La campagna vaccinale avanza ma ora è il momento di pensare al futuro della sanità italiana

29 maggio 2021, ore 14:30

"I numeri stanno migliorando" ha dichiarato Speranza, "ma ora possiamo immaginare una progettualità nuova, che parta dalla difesa di alcuni diritti come la sanità pubblica"

Dallo scoppio della crisi pandemica in poi si è ragionato di riforme e interventi necessari per il nostro Paese da realizzare "quando tutto questo sarà finito", quando l'Italia e il mondo intero si saranno lasciati alle spalle lo spettro del Coronavirus. Nel dibattito pubblico è tornato naturalmente centrale il tema della sanità pubblica. Nonostante le sue contraddizioni - si pensi alla gestione differenziata delle regioni - il Servizio sanitario nazionale italiano è considerato valido, seppure bisognoso di interventi. "La sanità pubblica è la cosa più importante che c'è e va difesa con i denti. Dobbiamo investire con forza sul nostro sistema sanitario nazionale". Sono queste le parole che il ministro della Salute ha scelto dopo essersi speso non poco nell'ultimo anno e mezzo a favore dell'intero comparto della salute del nostro Paese. E lo ha fatto ricordando come "ognuno di noi si accorga dell'importanza del servizio sanitario nazionale quando ne ha bisogno. L'idea del diritto alla salute - ha sottolineato Speranza - è un diritto fondamentale".


Le parole di Speranza

Intervenendo al Teatro Stabile di Potenza alla cerimonia di consegna delle onorificenze all'Ordine al merito della Repubblica italiana, il ministro della salute è tornato a dare un segnale di positività: "Il nostro Paese sta molto meglio, la strada è quella giusta, ieri sono state somministrate 560 mila vaccinazioni". Speranza ha continuato poi rimarcando l'importanza di programmare ora il futuro: "Il lavoro è un punto essenziale dell'agenda di ripartenza del Paese, non deve essere mai un privilegio ma di un diritto di tutti. E dobbiamo lavorare per la sicurezza sul lavoro: questo deve essere un impegno fondamentale".

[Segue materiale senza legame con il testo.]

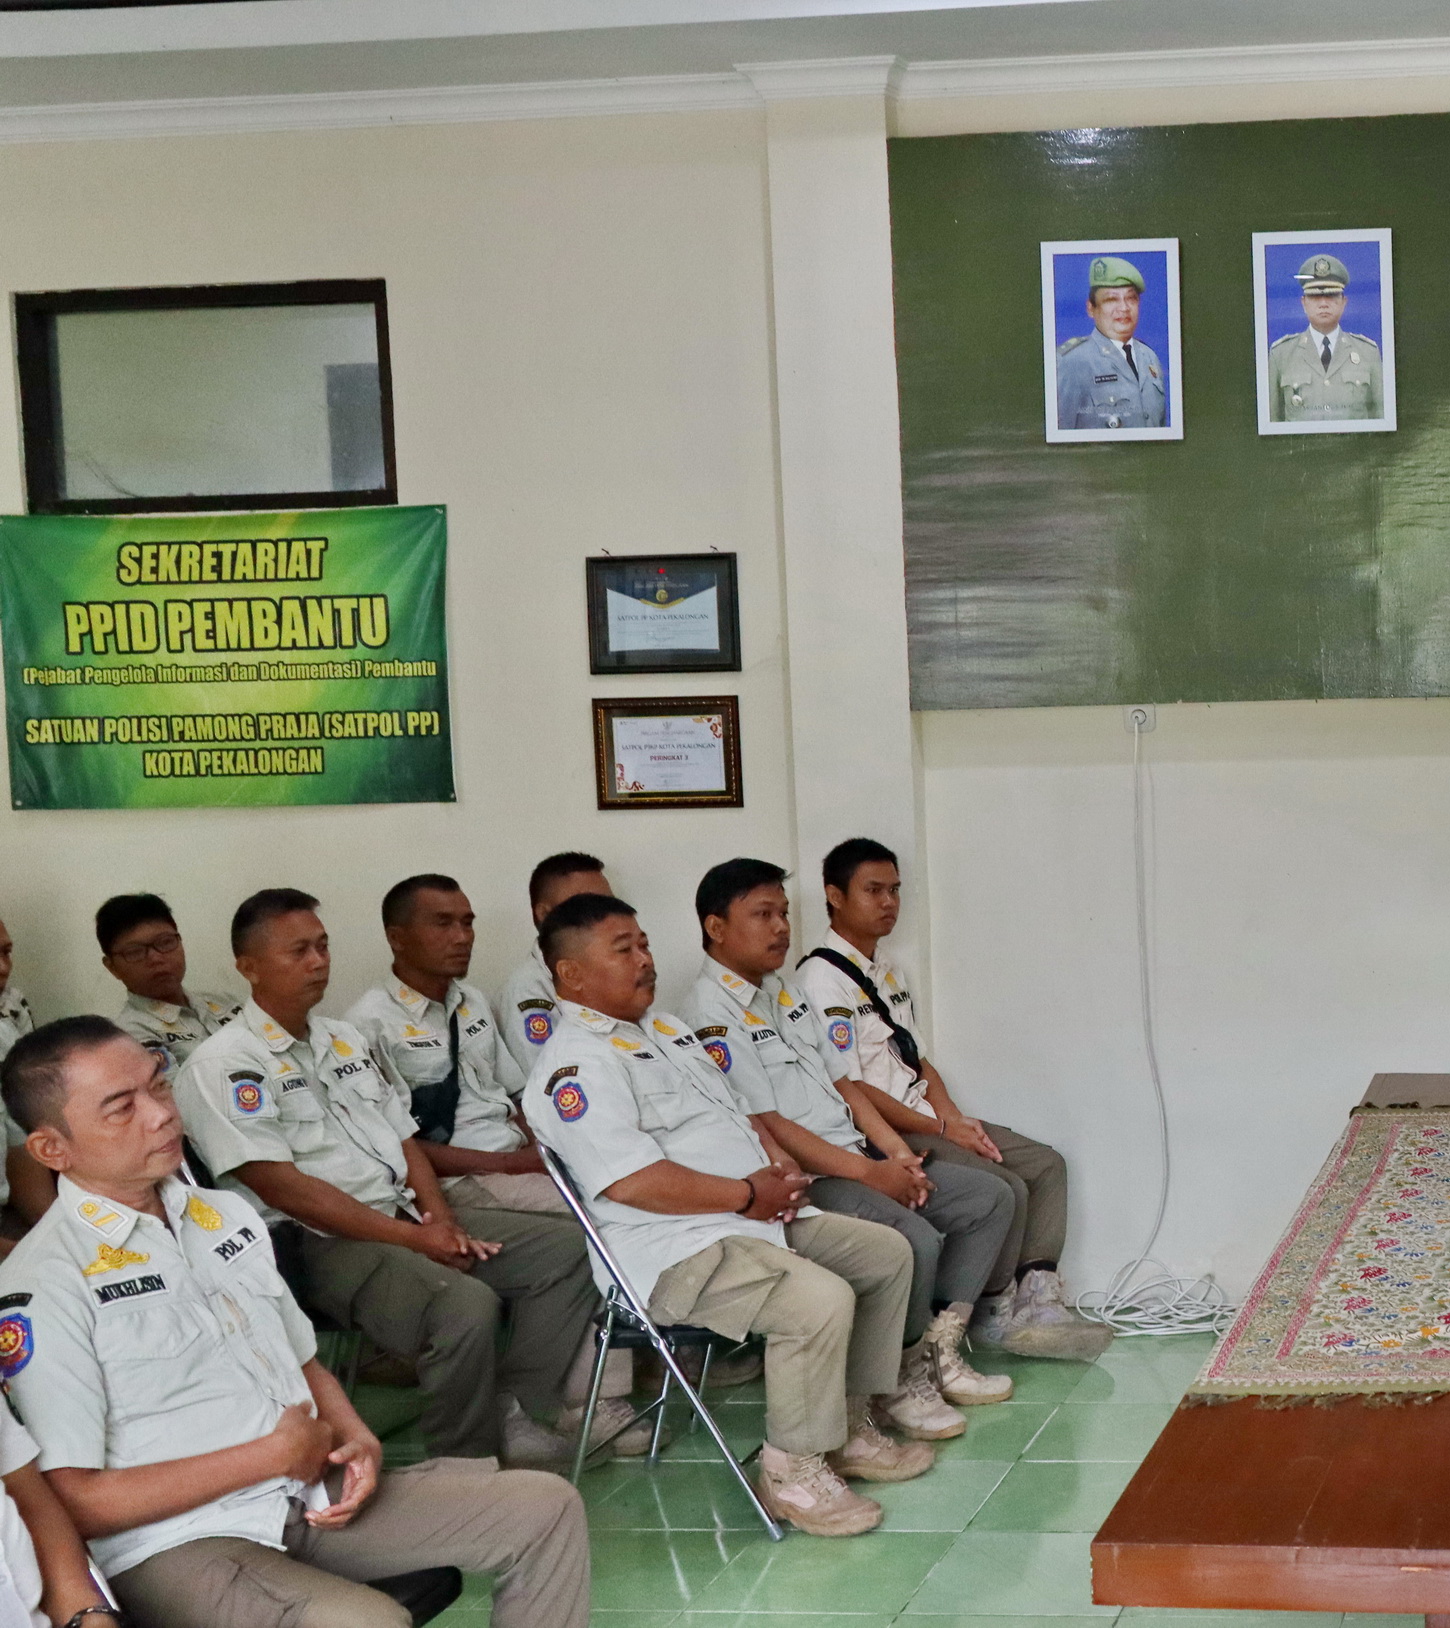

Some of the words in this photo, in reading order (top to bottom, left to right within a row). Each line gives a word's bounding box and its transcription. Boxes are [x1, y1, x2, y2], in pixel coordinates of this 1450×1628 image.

[117, 538, 328, 586] SEKRETARIAT
[63, 601, 158, 655] PPID
[165, 594, 390, 653] PEMBANTU
[23, 666, 82, 686] (Pejabat
[84, 665, 156, 686] Pengelola
[157, 663, 228, 684] Informasi
[229, 662, 258, 682] dan
[259, 661, 362, 682] Dokumentasi)
[363, 660, 437, 678] Pembantu
[25, 718, 100, 745] SATUAN
[103, 717, 168, 743] POLISI
[171, 714, 255, 742] PAMONG
[258, 713, 321, 740] PRAJA
[323, 712, 404, 739] (SATPOL
[406, 710, 440, 737] PP)
[143, 750, 197, 778] KOTA
[199, 748, 323, 777] PEKALONGAN
[333, 1062, 361, 1080] POL
[361, 1058, 371, 1069] P
[214, 1238, 244, 1261] POL
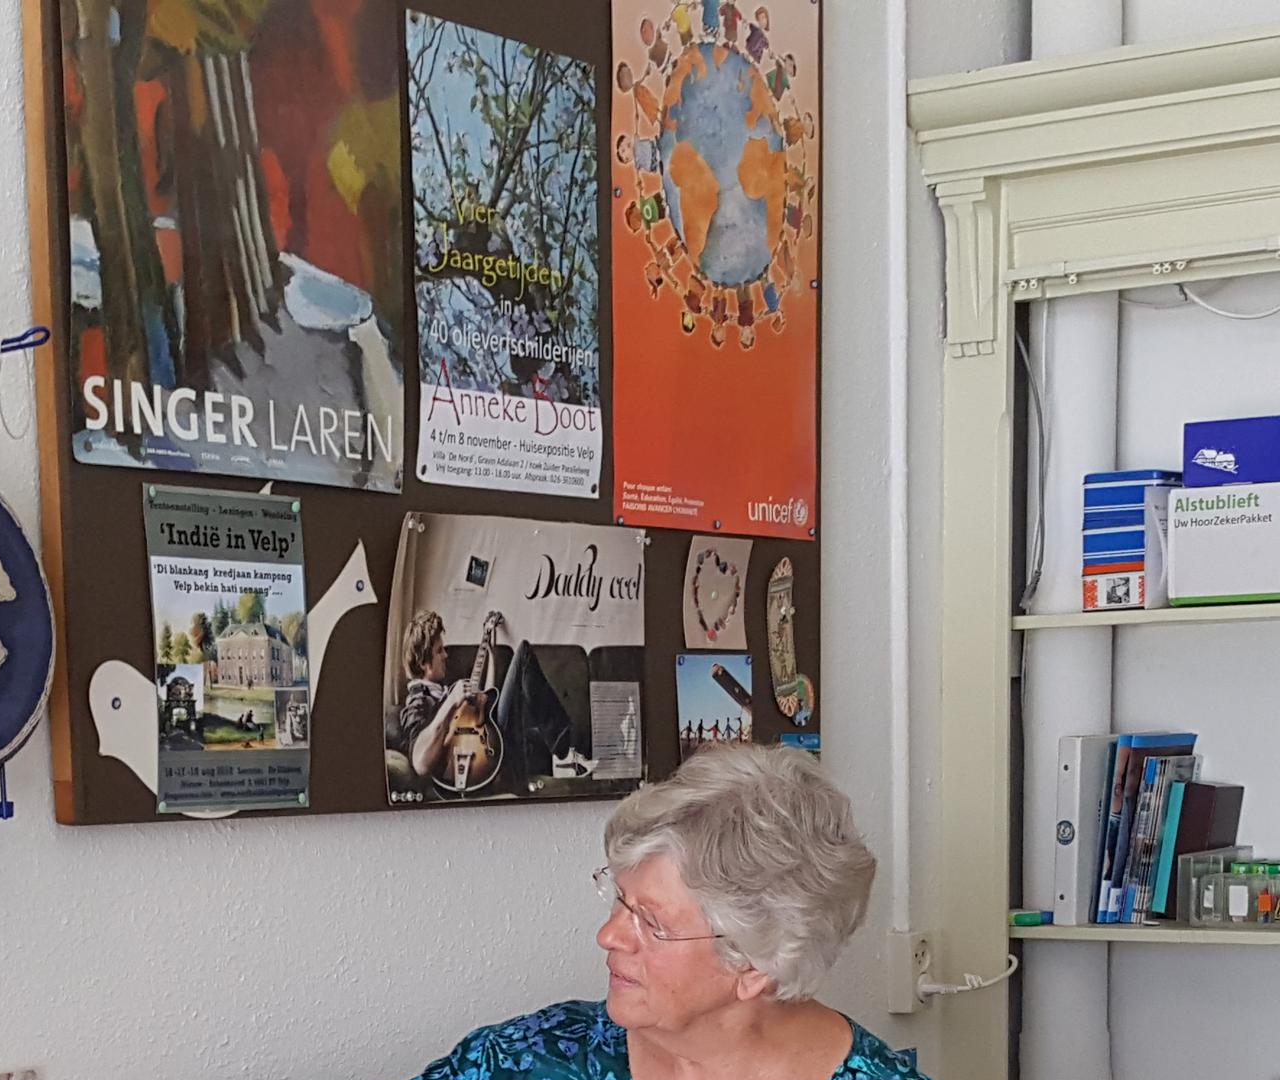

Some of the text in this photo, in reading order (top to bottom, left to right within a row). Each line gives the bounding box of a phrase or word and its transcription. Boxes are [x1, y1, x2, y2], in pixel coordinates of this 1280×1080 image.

[451, 178, 496, 225] Vier
[428, 221, 563, 300] Jaargetijden
[429, 319, 449, 344] 40
[427, 357, 528, 426] Anneke
[82, 374, 393, 464] SINGER LAREN
[430, 428, 437, 443] 4
[439, 429, 457, 446] t/m
[458, 431, 466, 446] 8
[466, 433, 513, 450] november
[519, 438, 576, 458] Huisexpositie
[577, 446, 595, 461] Velp
[747, 495, 793, 524] unicef
[1174, 491, 1261, 514] Alstublieft
[1174, 512, 1273, 529] Uw HoorZekerPakket
[226, 527, 246, 550] in
[169, 564, 209, 579] blankang
[524, 543, 642, 612] Daddy cool
[173, 580, 193, 594] Velp
[193, 581, 219, 593] bekin
[220, 582, 238, 594] hati

La campagna vaccinale avanza ma ora è il momento di pensare al futuro della sanità italiana

La campagna vaccinale

Superati i trentatré milioni di somministrazioni totali di vaccino anti Covid, mentre salgono a oltre undici milioni gli italiani che hanno completato il ciclo vaccinale. "Con riferimento alla nuova fase del piano, le Regioni e le Province autonome dovranno garantire, prima dell'inizio dell'anno scolastico, la massima copertura possibile di tutta la popolazione studentesca, nelle fasce di età per le quali la vaccinazione sarà possibile". A dichiararlo è la struttura commissariale di Francesco Paolo Figliuolo. Dopo l'approvazione da parte dell'Agenzia europea del farmaco infatti, con l'approvazione dell'Aifa dal tre giugno prossimo potranno essere immunizzati anche gli adolescenti tra i dodici e i quindici anni. Un via libera che secondo Figliuolo potrebbe arrivare nei prossimi giorni. Sempre dal tre di giugno le prenotazioni per ricevere il siero saranno aperti a tutti i cittadini senza distinzione di età: "Andiamo verso il superamento delle fasce di età per la vaccinazione dal 3 giugno ma con un occhio vigile sugli over 60" ha concluso poi Figliuolo.